Work to be completed: Set down every record below exactly as it stands, minus the pictures.

Source data:
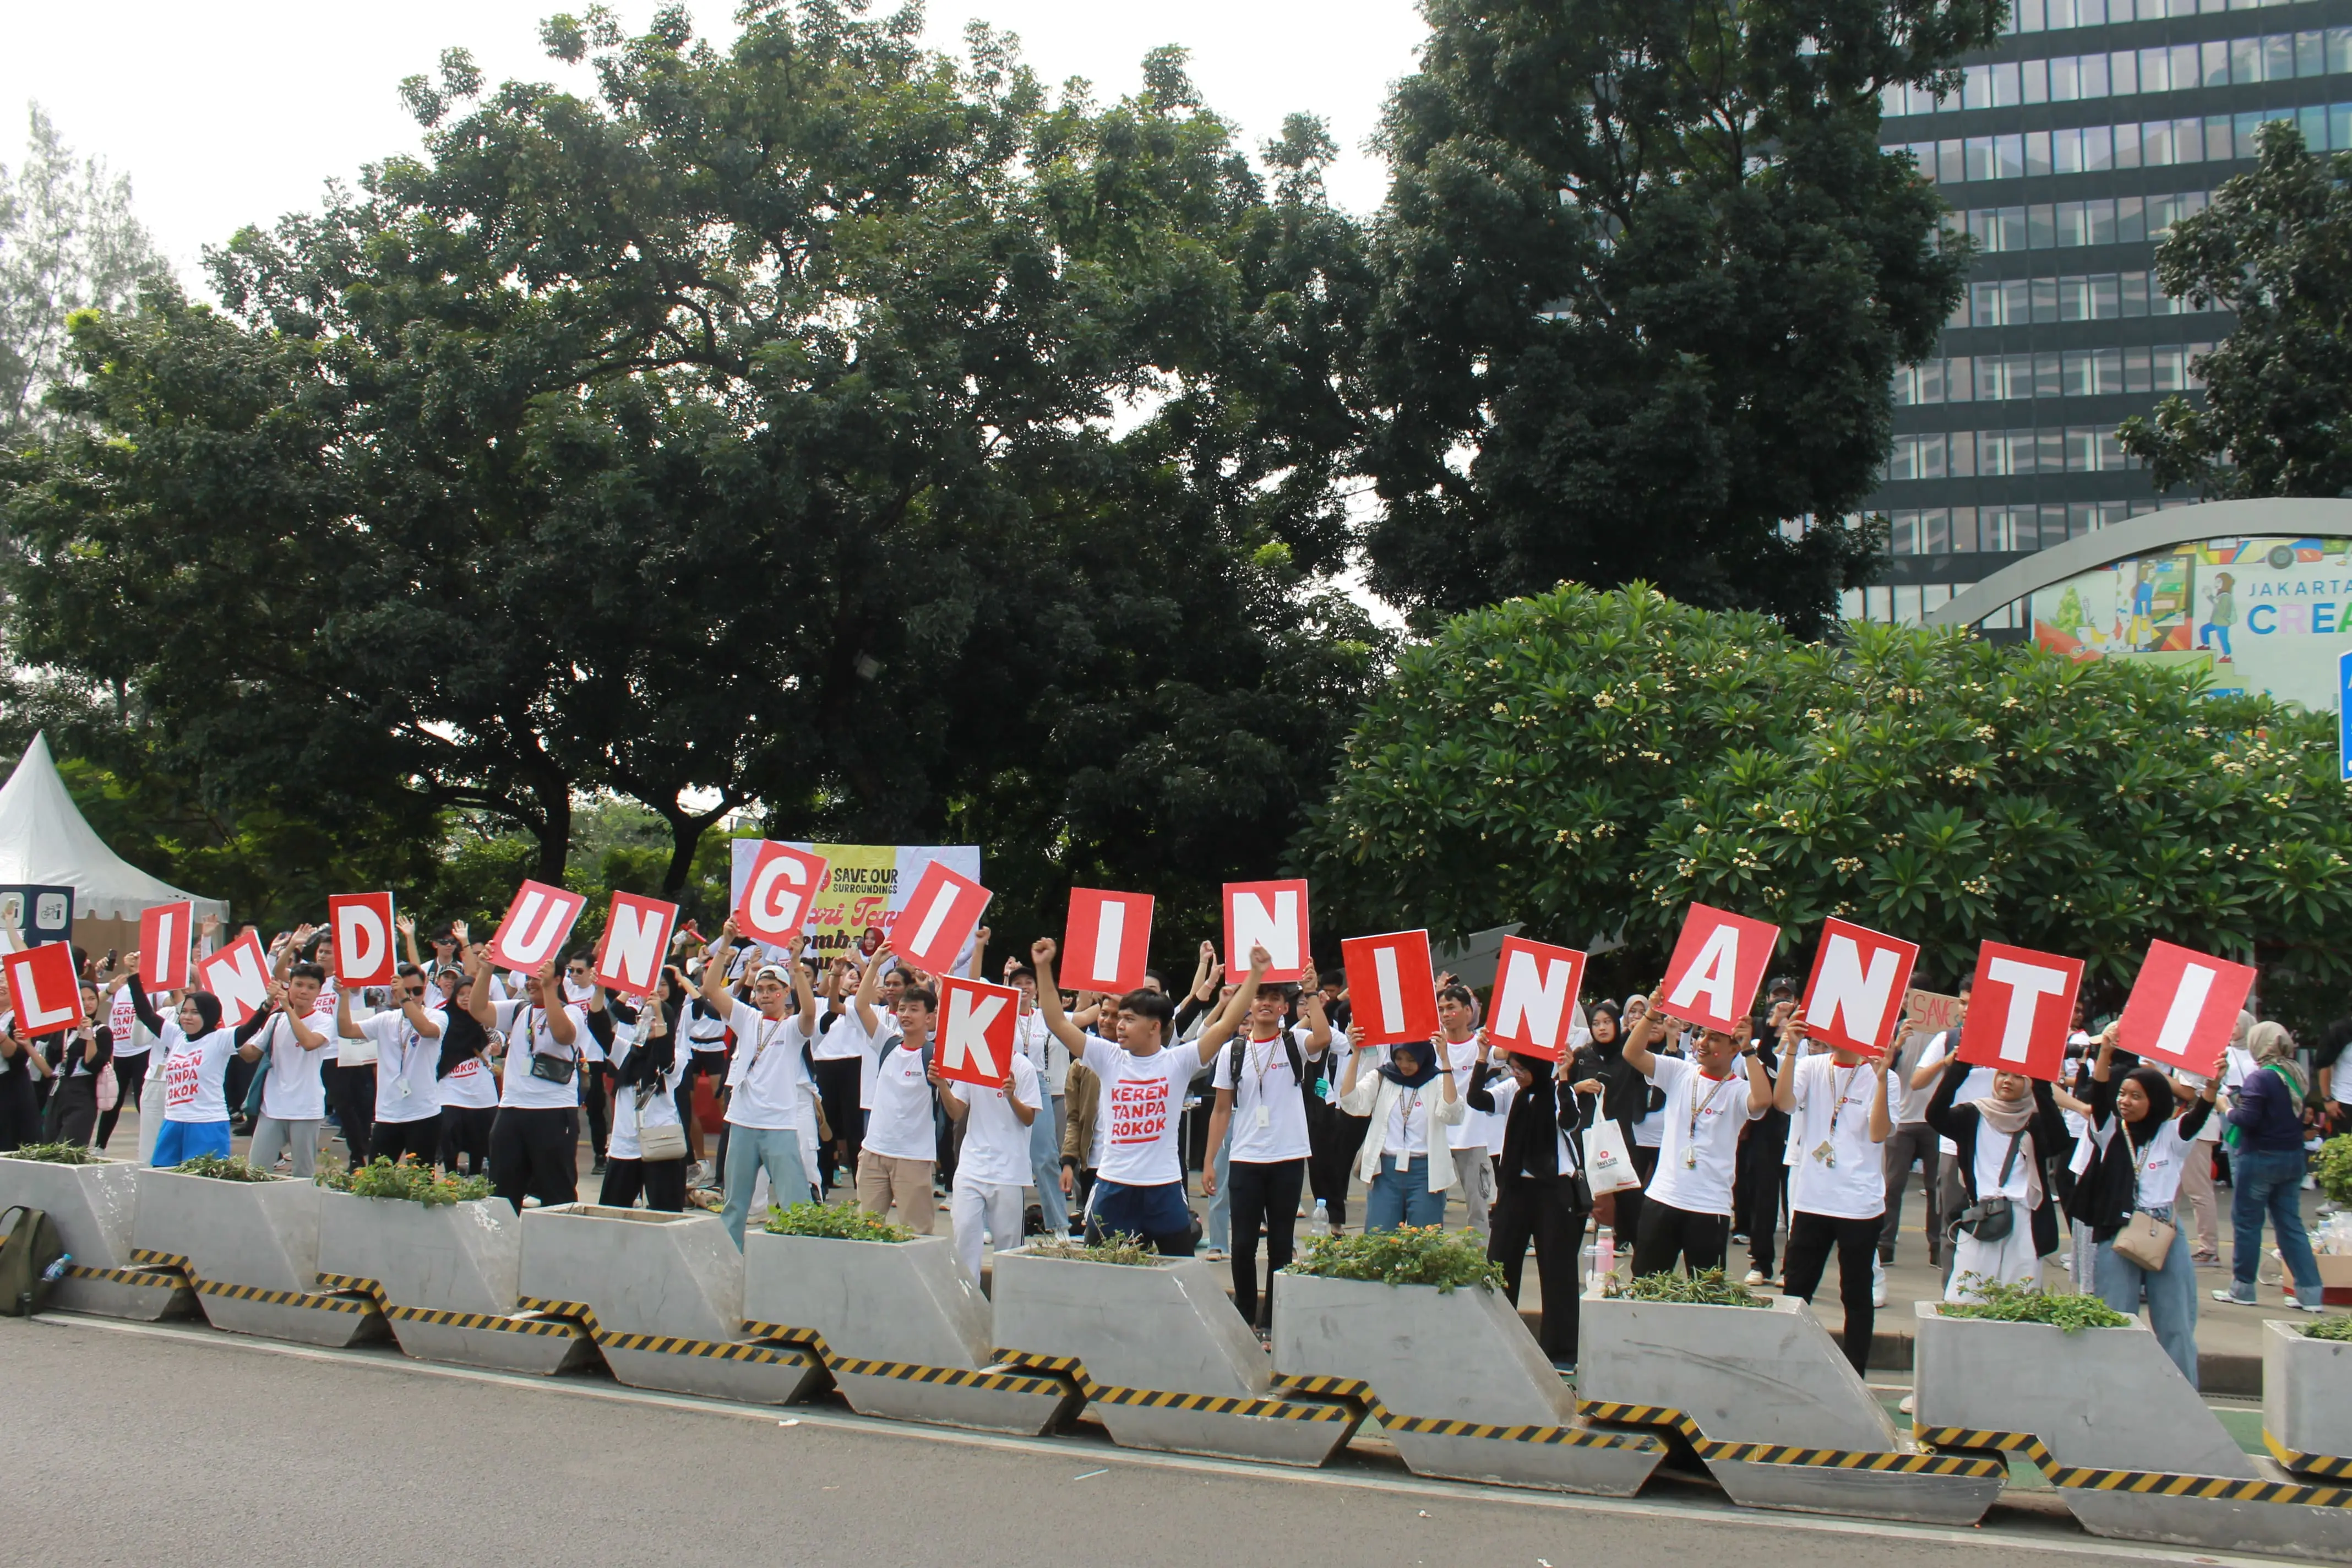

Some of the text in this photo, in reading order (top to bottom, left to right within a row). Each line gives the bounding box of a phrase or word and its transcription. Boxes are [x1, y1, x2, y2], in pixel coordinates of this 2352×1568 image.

[2248, 579, 2352, 597] JAKARTA
[749, 856, 807, 933] G
[832, 883, 898, 895] SURROUNDINGS
[834, 868, 899, 884] SAVE OUR
[156, 912, 173, 983] I
[338, 905, 385, 979] D
[501, 890, 571, 963] U
[601, 903, 665, 988] N
[910, 880, 961, 958] I
[1092, 900, 1125, 982] I
[1233, 890, 1299, 971] N
[14, 961, 73, 1028] L
[206, 943, 268, 1028] N
[312, 997, 336, 1006] REN
[1374, 946, 1406, 1034] I
[1495, 950, 1572, 1049] N
[1668, 923, 1739, 1022] A
[1805, 933, 1901, 1046] N
[2155, 962, 2217, 1055] I
[112, 1006, 137, 1015] KERE
[943, 988, 1008, 1079] K
[1913, 994, 1954, 1028] SAVE
[1988, 957, 2068, 1064] T
[166, 1055, 202, 1071] EREN
[166, 1069, 198, 1086] ANPA
[167, 1082, 199, 1099] OKOK
[1111, 1083, 1169, 1102] KEREN
[1112, 1101, 1166, 1120] TANPA
[1112, 1116, 1167, 1137] ROKOK
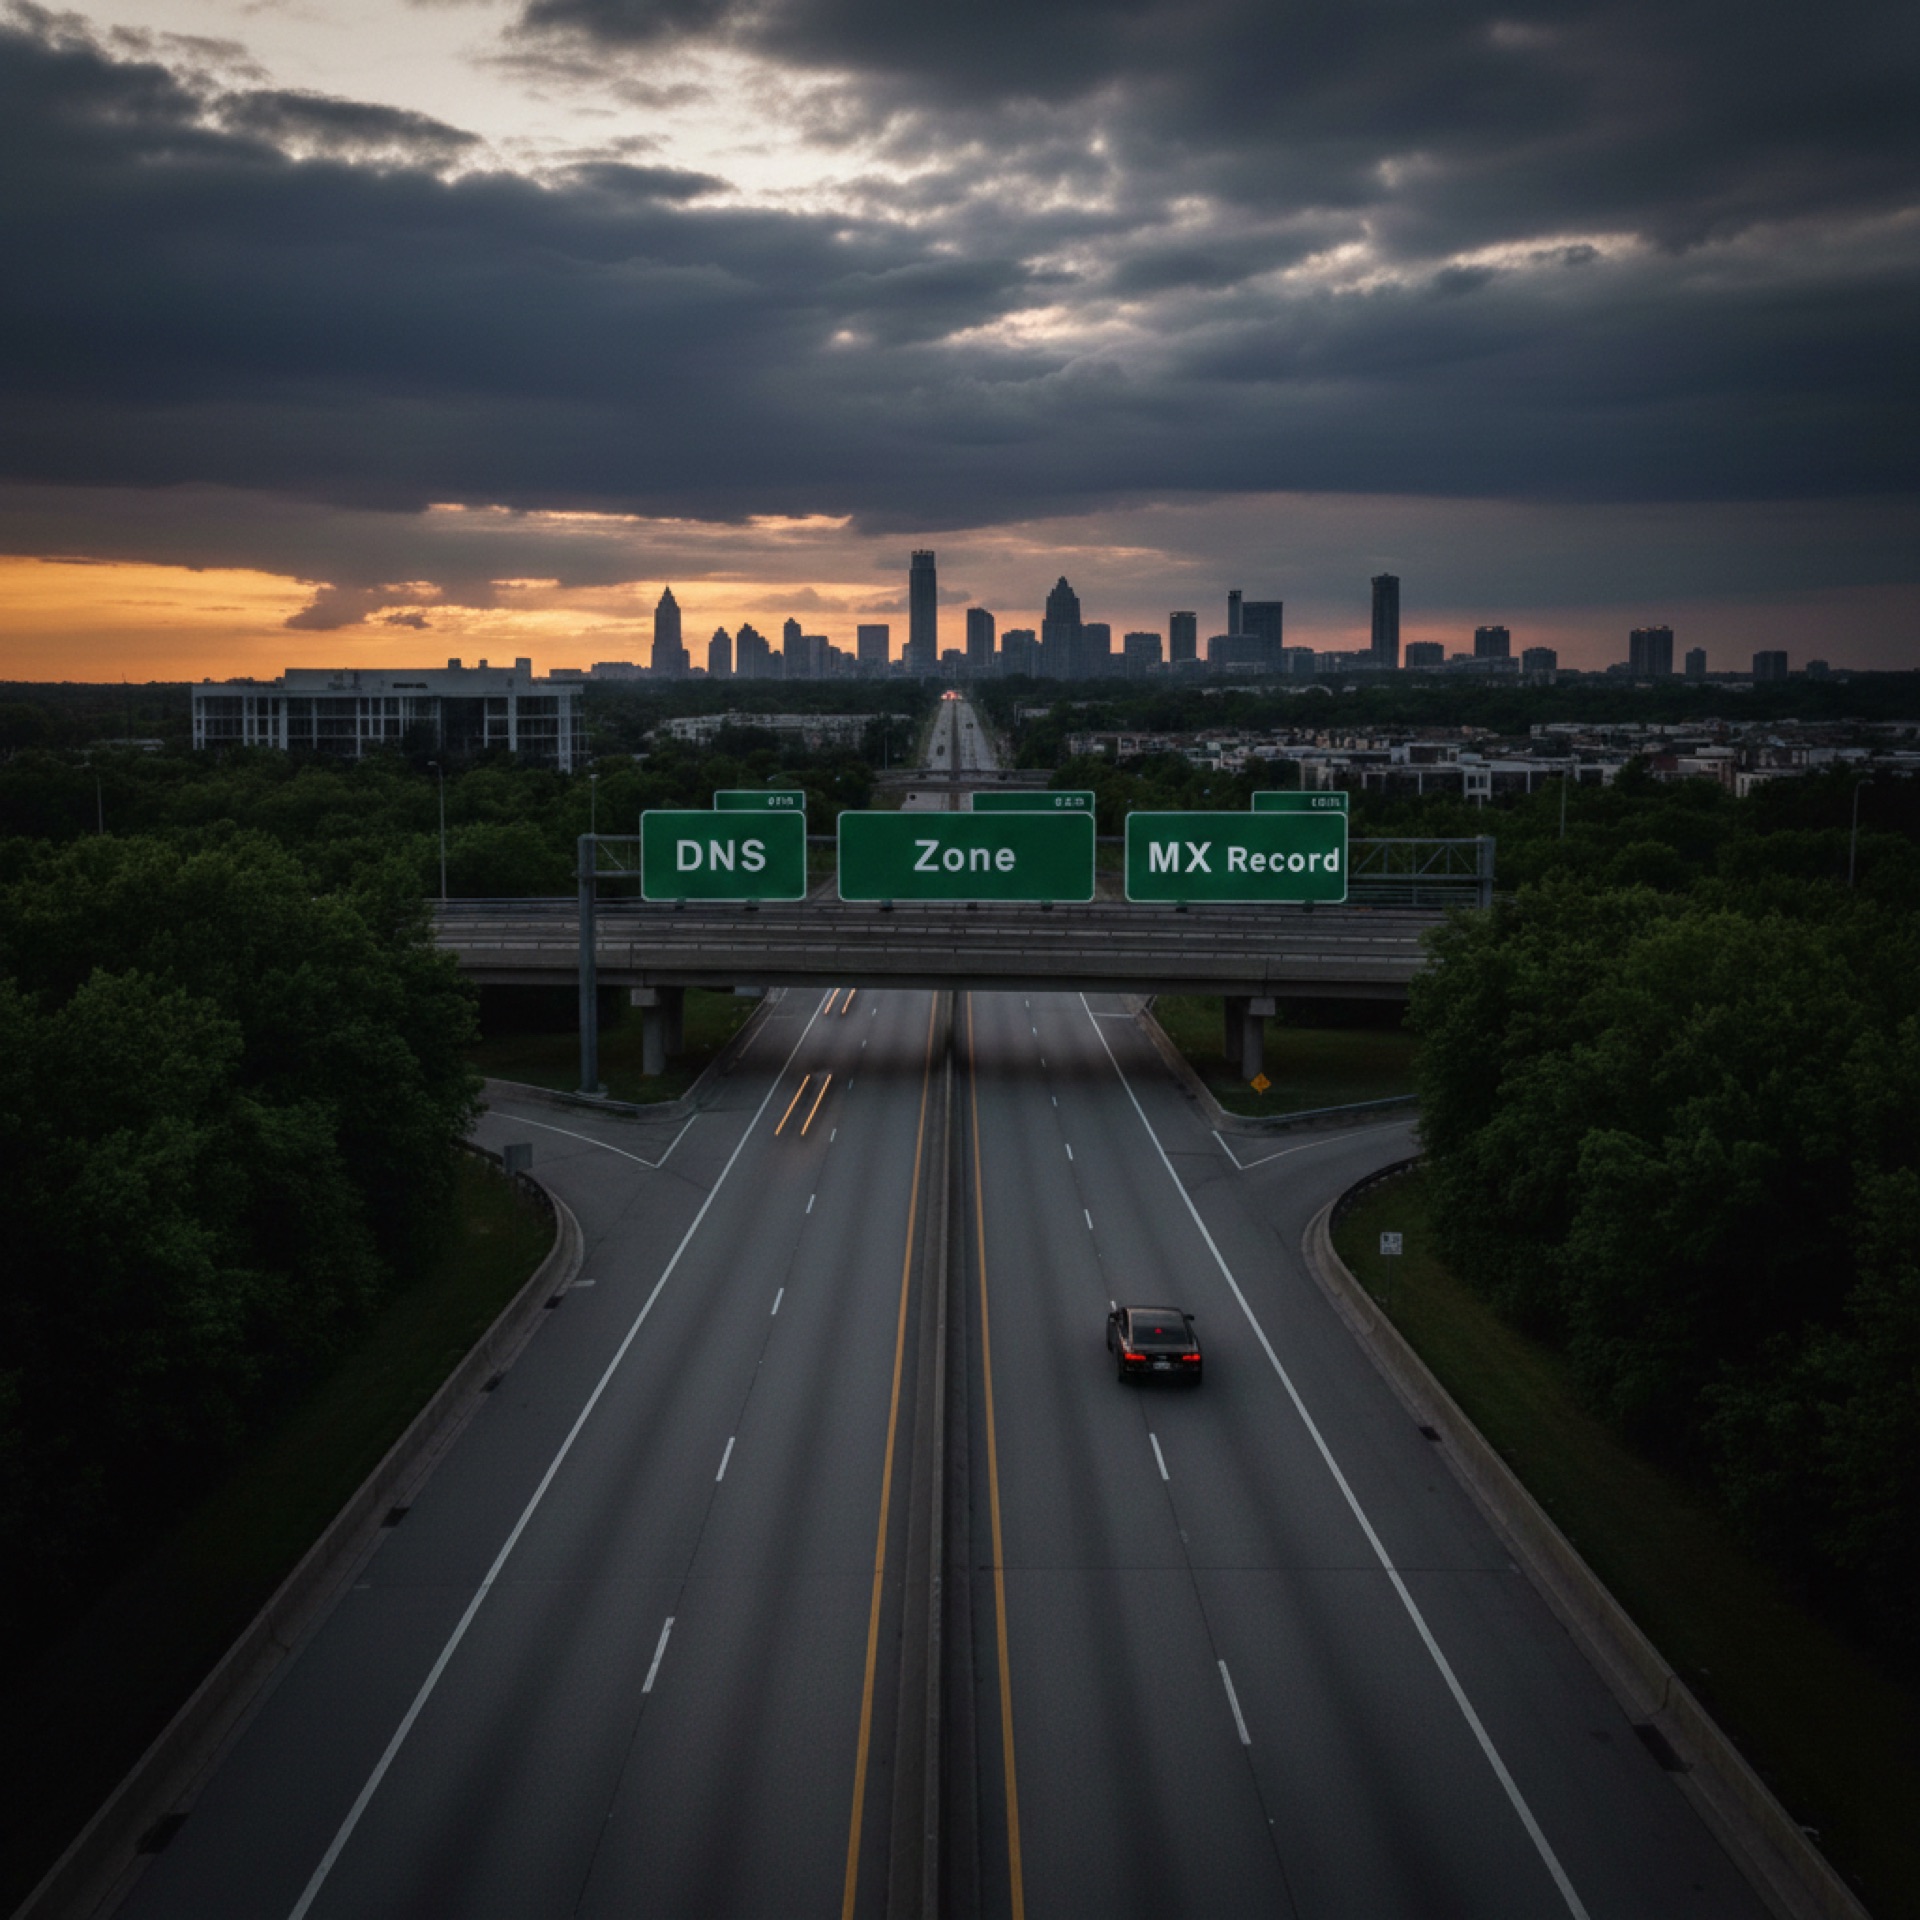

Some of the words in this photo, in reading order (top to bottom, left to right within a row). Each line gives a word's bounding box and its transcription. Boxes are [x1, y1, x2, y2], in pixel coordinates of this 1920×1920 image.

[676, 839, 766, 872] DNS
[914, 839, 1016, 872] Zone
[1148, 841, 1212, 873] MX
[1227, 845, 1340, 873] Record
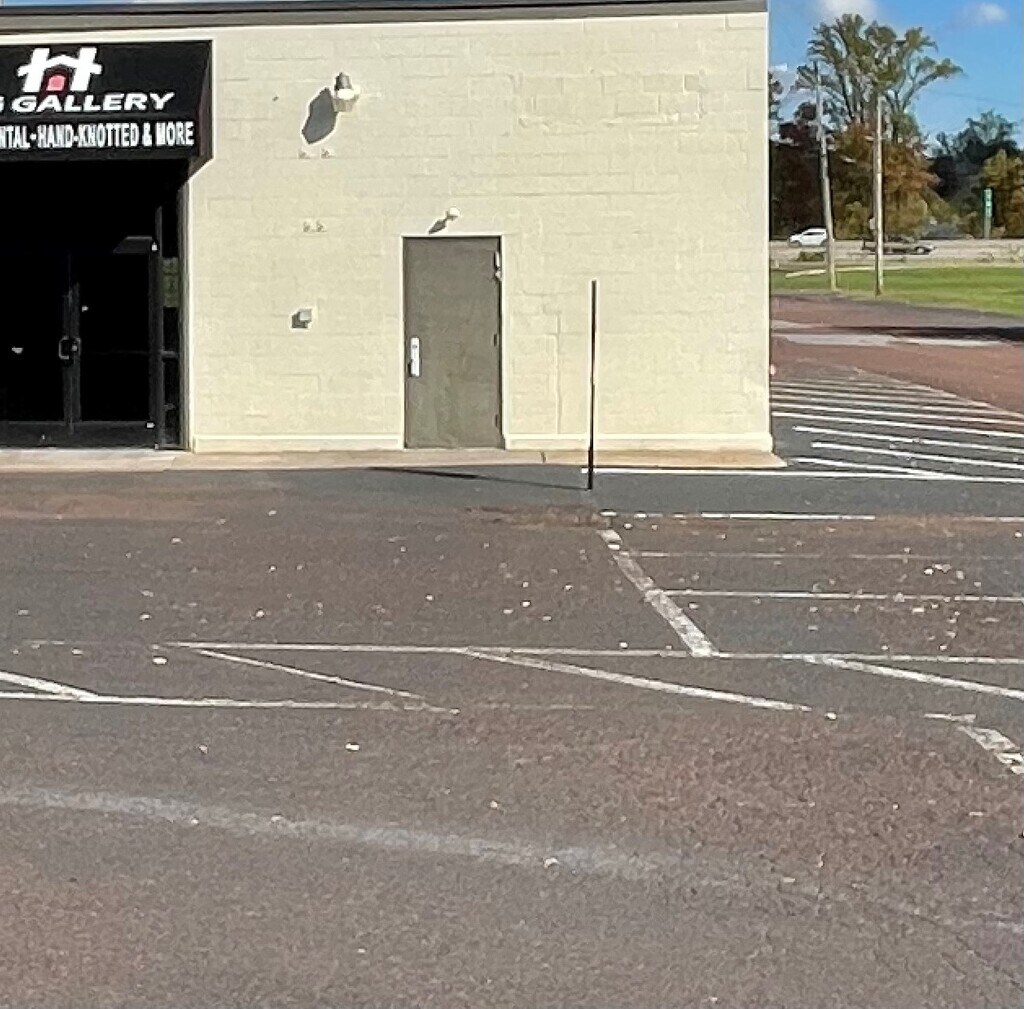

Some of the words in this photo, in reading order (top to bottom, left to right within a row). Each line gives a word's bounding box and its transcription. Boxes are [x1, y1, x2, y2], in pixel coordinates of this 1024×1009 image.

[11, 92, 174, 113] GALLERY
[142, 122, 152, 146] &
[155, 121, 194, 146] MORE

Solved problem:
Some of the text in this photo, in reading order (top to bottom, left to right within a row). Each line gives the bounding box of a phrase or word and its transcription. Boxes are [x1, y1, x2, y2], in pixel coordinates of this 2352×1568 image.

[2248, 579, 2352, 597] JAKARTA
[749, 856, 807, 933] G
[832, 883, 898, 895] SURROUNDINGS
[834, 868, 899, 884] SAVE OUR
[156, 912, 173, 983] I
[338, 905, 385, 979] D
[501, 890, 571, 963] U
[601, 903, 665, 988] N
[910, 880, 961, 958] I
[1092, 900, 1125, 982] I
[1233, 890, 1299, 971] N
[14, 961, 73, 1028] L
[206, 943, 268, 1028] N
[312, 997, 336, 1006] REN
[1374, 946, 1406, 1034] I
[1495, 950, 1572, 1049] N
[1668, 923, 1739, 1022] A
[1805, 933, 1901, 1046] N
[2155, 962, 2217, 1055] I
[112, 1006, 137, 1015] KERE
[943, 988, 1008, 1079] K
[1913, 994, 1954, 1028] SAVE
[1988, 957, 2068, 1064] T
[166, 1055, 202, 1071] EREN
[166, 1069, 198, 1086] ANPA
[167, 1082, 199, 1099] OKOK
[1111, 1083, 1169, 1102] KEREN
[1112, 1101, 1166, 1120] TANPA
[1112, 1116, 1167, 1137] ROKOK

Some of the words in this photo, in reading order (top to bottom, left to right within a row). Each line gives a word's bounding box and its transcription. Boxes are [x1, y1, x2, y2], in pixel coordinates of this 1920×1920 image.

[676, 839, 766, 872] DNS
[914, 839, 1016, 872] Zone
[1148, 841, 1212, 873] MX
[1227, 845, 1340, 873] Record

Some of the words in this photo, in reading order (top to bottom, left to right within a row). Each line gives a word's bounding box and its transcription. Boxes are [x1, y1, x2, y2], in pixel coordinates of this 1024×1009 image.

[11, 92, 174, 113] GALLERY
[142, 122, 152, 146] &
[155, 121, 194, 146] MORE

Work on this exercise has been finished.